— What you have to do —
Every entry is to be returned unchanged, and no picture is to be included.

— Dataset records —
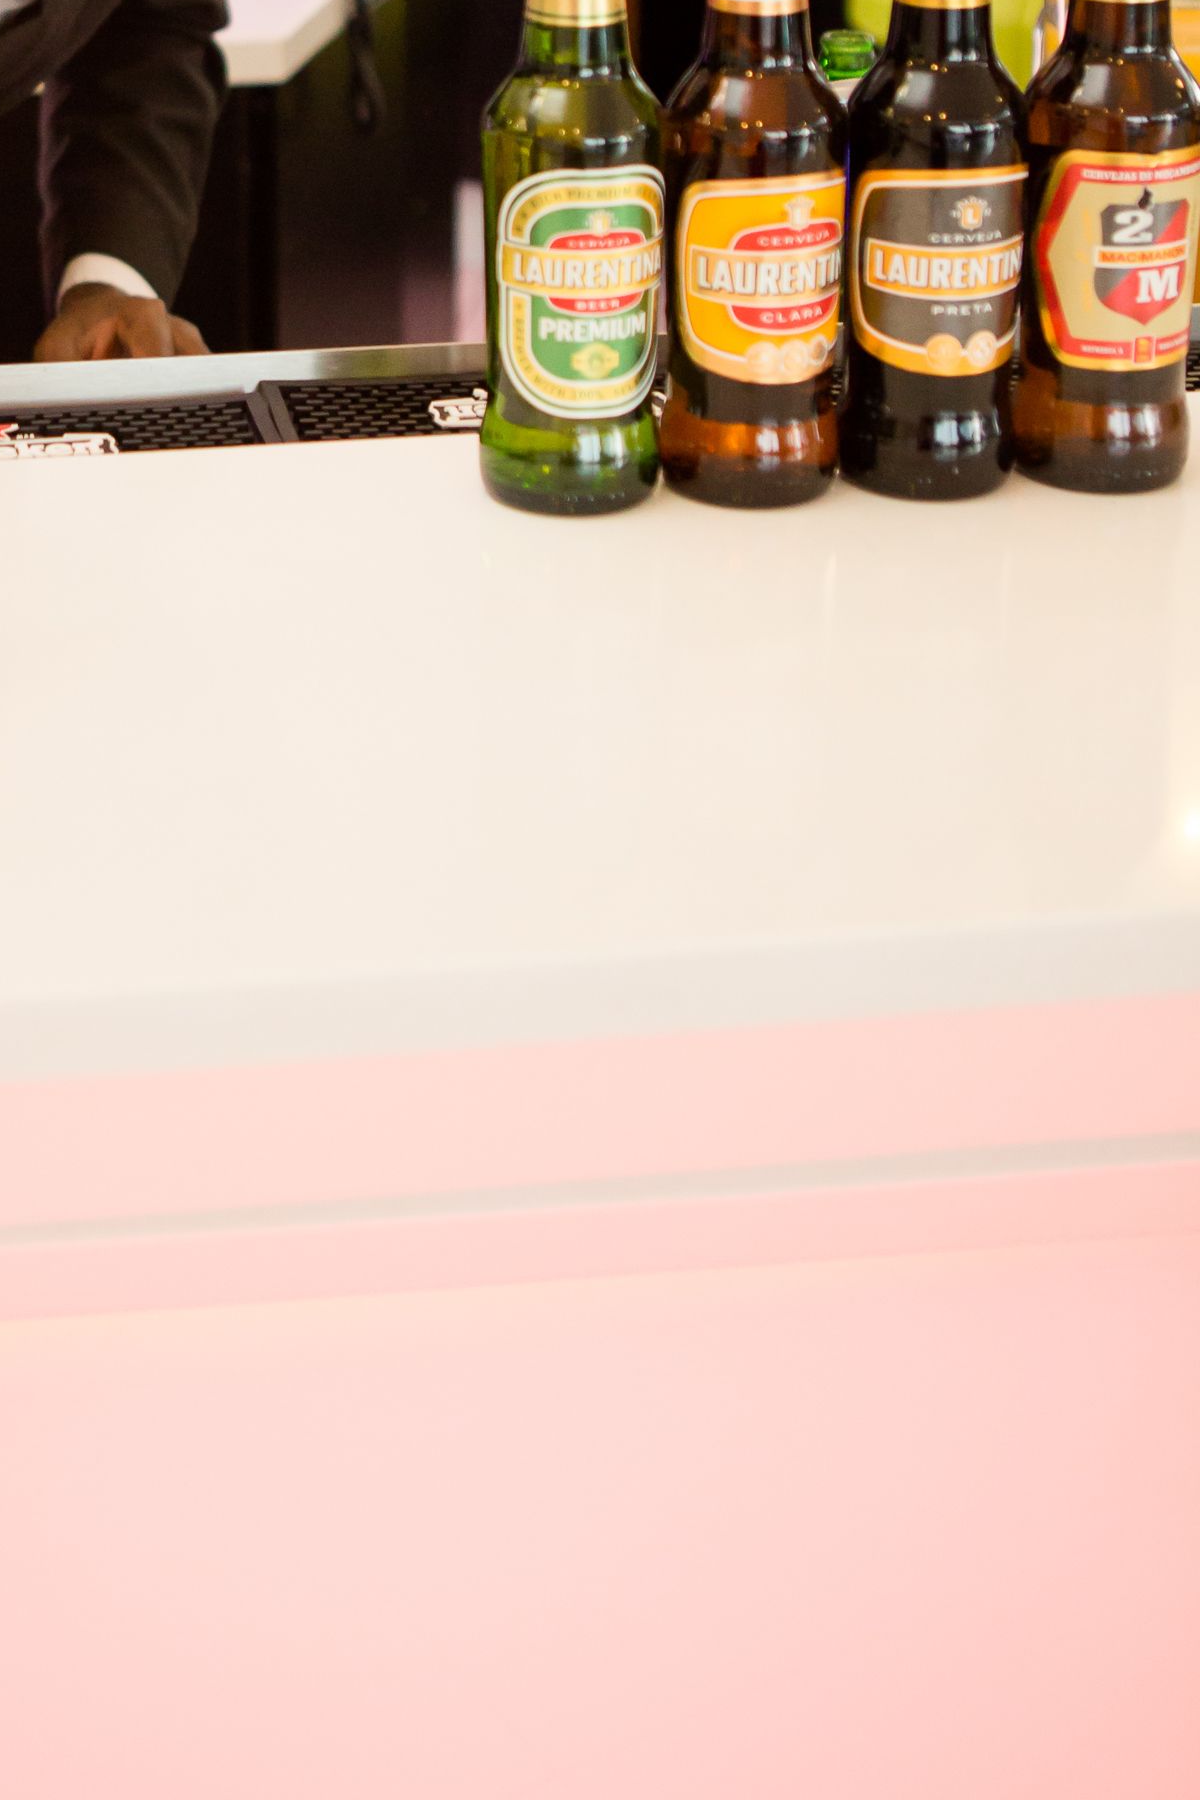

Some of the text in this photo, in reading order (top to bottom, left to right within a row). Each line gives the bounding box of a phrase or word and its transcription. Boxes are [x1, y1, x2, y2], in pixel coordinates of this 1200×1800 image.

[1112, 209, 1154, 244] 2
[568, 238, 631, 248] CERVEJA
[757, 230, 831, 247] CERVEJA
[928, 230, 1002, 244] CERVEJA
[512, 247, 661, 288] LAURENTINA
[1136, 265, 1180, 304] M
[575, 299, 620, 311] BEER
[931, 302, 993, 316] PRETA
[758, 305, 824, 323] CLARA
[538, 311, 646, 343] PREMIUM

— Response to this task —
Some of the text in this photo, in reading order (top to bottom, left to right within a row). Each line gives the bounding box of a phrase or word and its transcription. Boxes are [x1, y1, x2, y2], in pixel coordinates of this 1200×1800 image.

[1112, 209, 1154, 244] 2
[568, 238, 631, 248] CERVEJA
[757, 230, 831, 247] CERVEJA
[928, 230, 1002, 244] CERVEJA
[512, 247, 661, 288] LAURENTINA
[1136, 265, 1180, 304] M
[575, 299, 620, 311] BEER
[931, 302, 993, 316] PRETA
[758, 305, 824, 323] CLARA
[538, 311, 646, 343] PREMIUM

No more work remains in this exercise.